Our knights and all our staff came flying, armed, but with no horses ready, and we burst out after Joan in a body, the Paladin in the lead with the banner. The surging crowd was made up half of citizens and half of soldiers, and had no recognized leader. When Joan was seen a huzza went up, and she shouted—
"A horse—a horse!"
A dozen saddles were at her disposal in a moment. She mounted, a hundred people shouting—
"Way, there—way for the Maid of Orleans!" The first time that that immortal name was ever uttered—and I, praise God, was there to hear it! The mass divided itself like the waters of the Red Sea, and down this lane Joan went skimming like a bird, crying, "Forward, French hearts—follow me!" and we came winging in her wake on the rest of the borrowed horses, the holy standard streaming above us, and the lane closing together in our rear.

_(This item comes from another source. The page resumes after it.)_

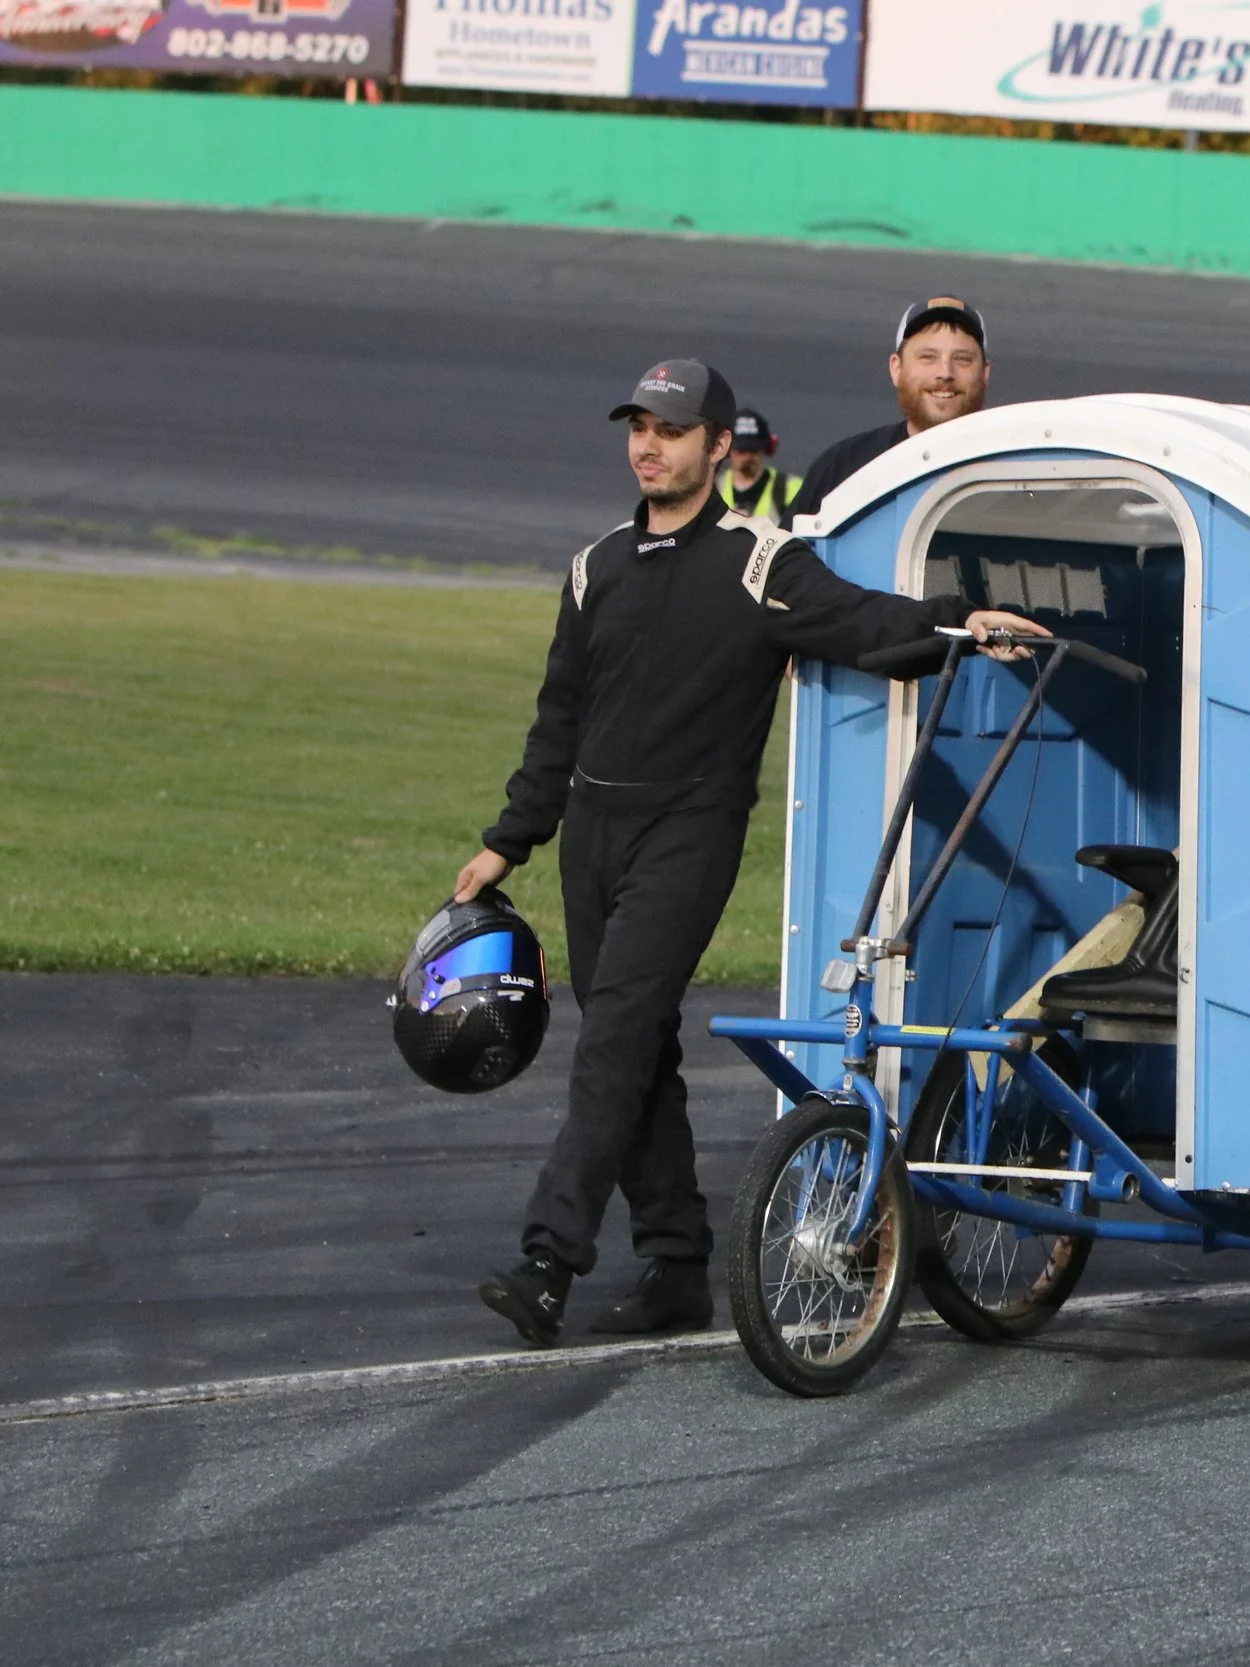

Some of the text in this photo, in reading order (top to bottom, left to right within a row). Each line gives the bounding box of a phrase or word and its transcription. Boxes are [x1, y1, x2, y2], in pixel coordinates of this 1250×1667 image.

[648, 0, 848, 56] Arandas
[638, 538, 676, 554] sparco
[749, 538, 777, 586] sparco

This was a different thing from the ghastly march past the dismal bastilles. No, we felt fine, now, and all a-whirl with enthusiasm. The explanation of this sudden uprising was this. The city and the little garrison, so long hopeless and afraid, had gone wild over Joan's coming, and could no longer restrain their desire to get at the enemy; so, without orders from anybody, a few hundred soldiers and citizens had plunged out at the Burgundy gate on a sudden impulse and made a charge on one of Lord Talbot's most formidable fortresses—St. Loup—and were getting the worst of it. The news of this had swept through the city and started this new crowd that we were with.
As we poured out at the gate we met a force bringing in the wounded from the front. The sight moved Joan, and she said—
"Ah, French blood; it makes my hair rise to see it!"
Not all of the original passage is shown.